Koji huffed. “But you decided to go eating people on the road anyway. Way to stick to a plan.”

“Got hungry,” the orc said unapologetically. “Look, brudder, I can’t use this thing. Tomorrow, they cuts me to pieces, throws me out for the chickens ‘cause I won’t talk. But I thinks, maybe, maybe you do a dying brudder a favor, open the gate tomorrow night, then go be some spat _lady’s_ man, you know. Have a good night. My brudders will thank you for it, and maybe we doesn’t need to eat kiddies on the roadside anymore.”

Koji knew right then that if he had a chance to ask anyone else in the town if this was a good idea, they all would tell him not to trust a murdering orc.

“How long does the potion work?” he asked.

“My chief, he could only make one, so he makes it good. He says it lasts as long as you don’t see any sun. Lasts the whole long night. Until the sun comes up, brudder, you can look like whoever you want.”
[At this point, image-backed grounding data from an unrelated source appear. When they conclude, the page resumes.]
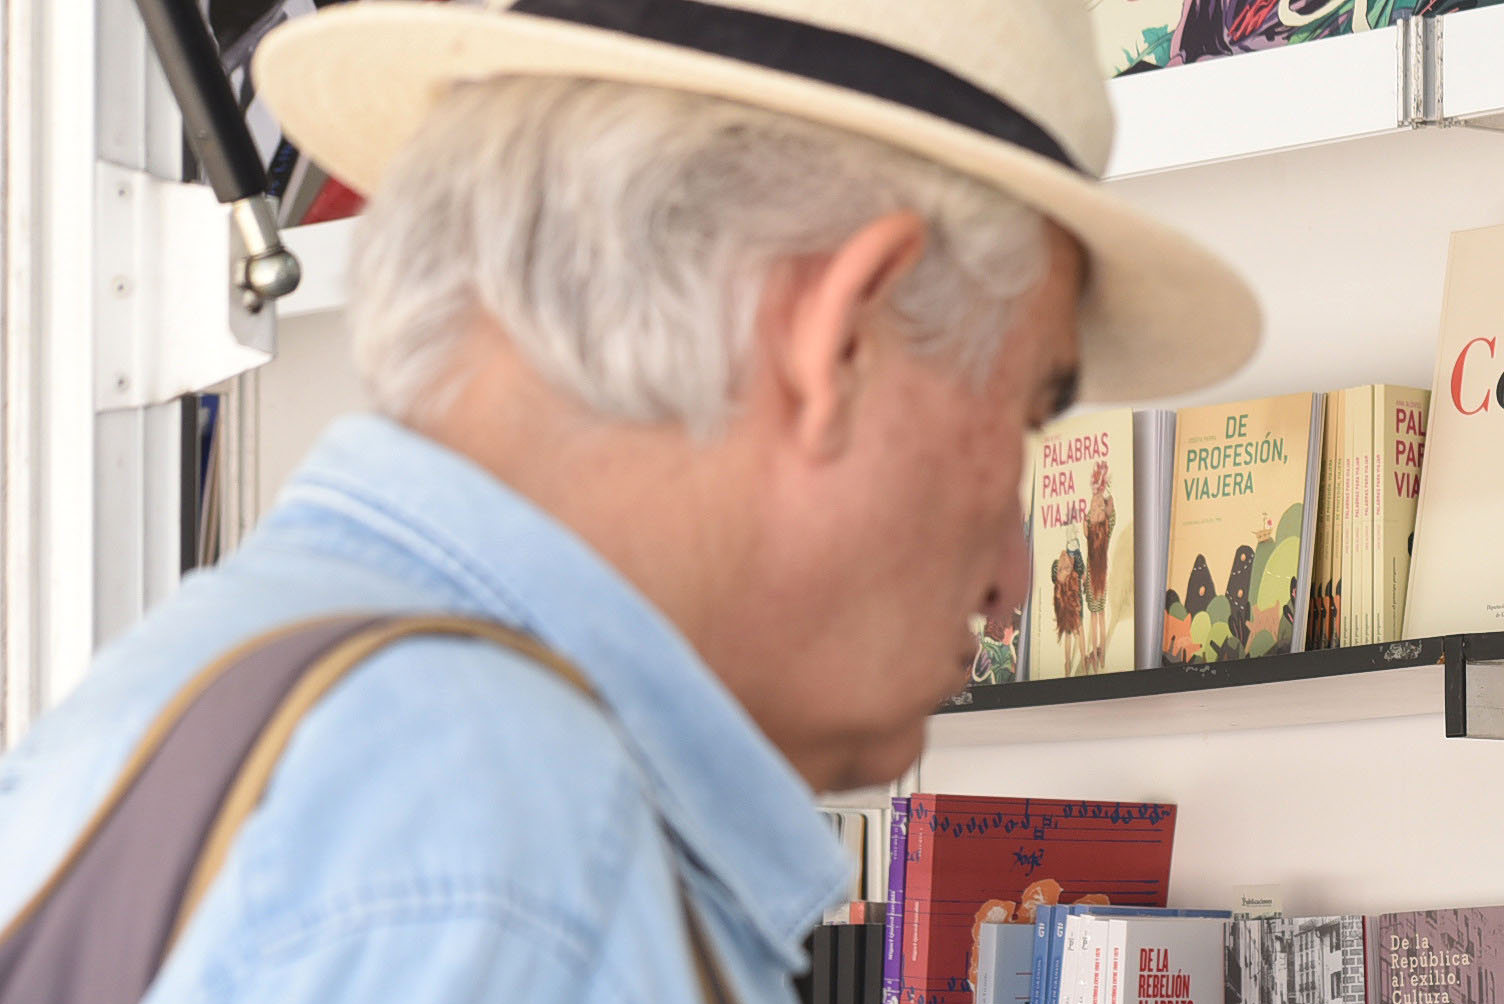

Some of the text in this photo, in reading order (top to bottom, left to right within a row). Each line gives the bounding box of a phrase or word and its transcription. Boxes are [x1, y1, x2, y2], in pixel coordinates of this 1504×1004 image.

[1225, 414, 1249, 439] DE
[1043, 432, 1108, 469] PALABRAS
[1186, 431, 1288, 473] PROFESIÓN,
[1043, 470, 1075, 499] PARA
[1184, 471, 1254, 501] VIAJERA
[1041, 498, 1087, 529] VIAJAR
[1391, 933, 1430, 951] De la
[1139, 948, 1169, 973] DE LA
[1391, 950, 1470, 973] República
[1138, 968, 1191, 999] REBELIÓN
[1392, 969, 1460, 988] al exilio.
The orc cupped the tiny vial in his gnarled, bloodied hands, and leered endearingly. The chill in the room deepened, and the stench coming off the orc felt like it was crawling across Koji’s flesh. Horrified, Koji reached into the cage and pulled out the potion, hoping it might stop the chill.

He shivered, and then relaxed. He told himself he had just imagined it, and then nodded thanks to the orc.

“I’ll- . . . I’ll help your brothers out,” Koji said. “I hope if they kill you, that it’s painless.”

The orc chuckled, his body bending over and creaking like dry leather.

“Brudder,” the orc smiled, “the killing always hurts.”

Koji snuck out through the floor, hearing the orc chuckle behind him. The tunnel felt cold, and when he got out of the tunnel on the other side he slid a heavy chest over the trap door to make sure the orc could not somehow follow him out. Nervously, he tucked the potion into his pocket and slipped away.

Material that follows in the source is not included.